I heard an argument from a ex-catholic atheist who proposed that there is no physical evidence of Jesus's existance dated from around the time he was supposed to have been alive.

I was wondering if this is infact the case?
 
Hi

I heard an argument from a ex-catholic atheist who proposed that there is no physical evidence of Jesus's existance dated from around the time he was supposed to have been alive.

I was wondering if this is infact the case?
See the discussion in the currently active thread Jesus Christ?
 
Well, I think it's a bit unfair to dump ye ole' Jesus threads on him, because he asks for something much more narrow: physical evidence, and the threads mostly revolve around something else: how much you can take the Bible as evidence for stuff in the Bible.

The short answer is that no, there is no physical evidence of Jesus. There is no tombstone with his name on it, no first edition gospel signed by him, nor anything else which would count as physical evidence.

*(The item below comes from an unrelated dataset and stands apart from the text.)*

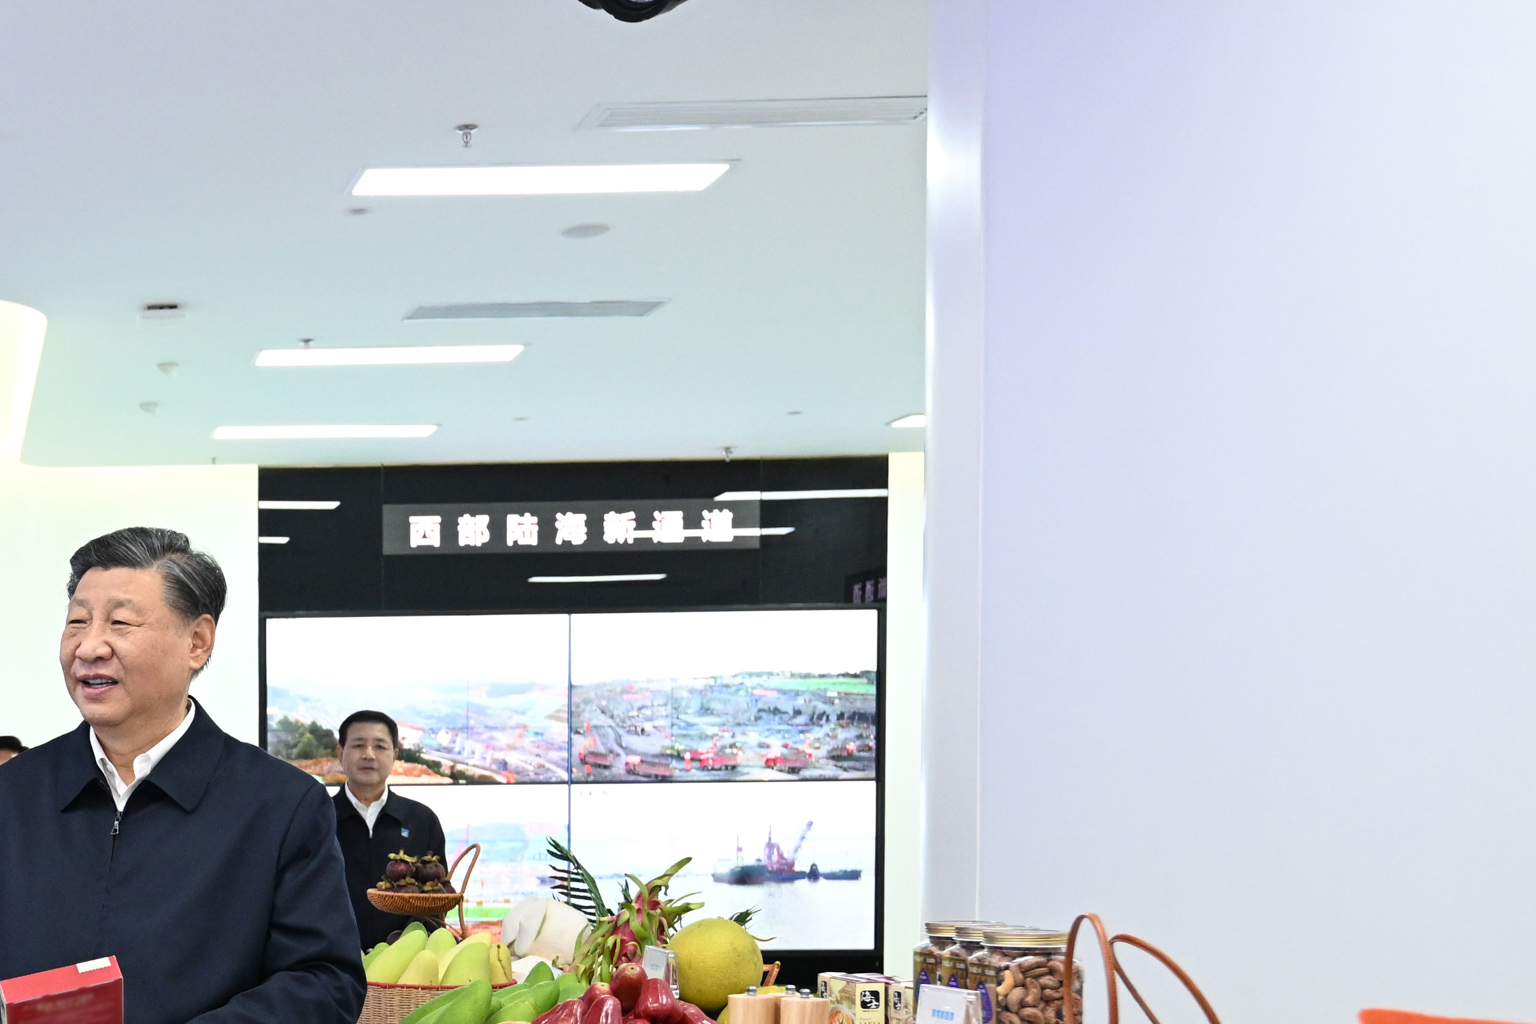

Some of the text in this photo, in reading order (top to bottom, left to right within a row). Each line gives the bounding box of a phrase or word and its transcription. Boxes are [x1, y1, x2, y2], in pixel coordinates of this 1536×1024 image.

[408, 508, 734, 548] 西部陆海新通道

In fact, if we had any such evidence outside the bible, then we wouldn't be having such threads going in circles.
 
Well, I think it's a bit unfair to dump ye ole' Jesus threads on him, because he asks for something much more narrow: physical evidence, and the threads mostly revolve around something else: how much you can take the Bible as evidence for stuff in the Bible.

The short answer is that no, there is no physical evidence of Jesus. There is no tombstone with his name on it, no first edition gospel signed by him, nor anything else which would count as physical evidence.

In fact, if we had any such evidence outside the bible, then we wouldn't be having such threads going in circles.

I'd say that we have physical evidence in the broad sense, just not nearly enough.

If we define Jesus as a Jewish son of a carpenter named Yeshua living and preching in Jerusalem around the beginning of the first century who was executed by the Romans, then the evidence that the definition demands must cover all of that.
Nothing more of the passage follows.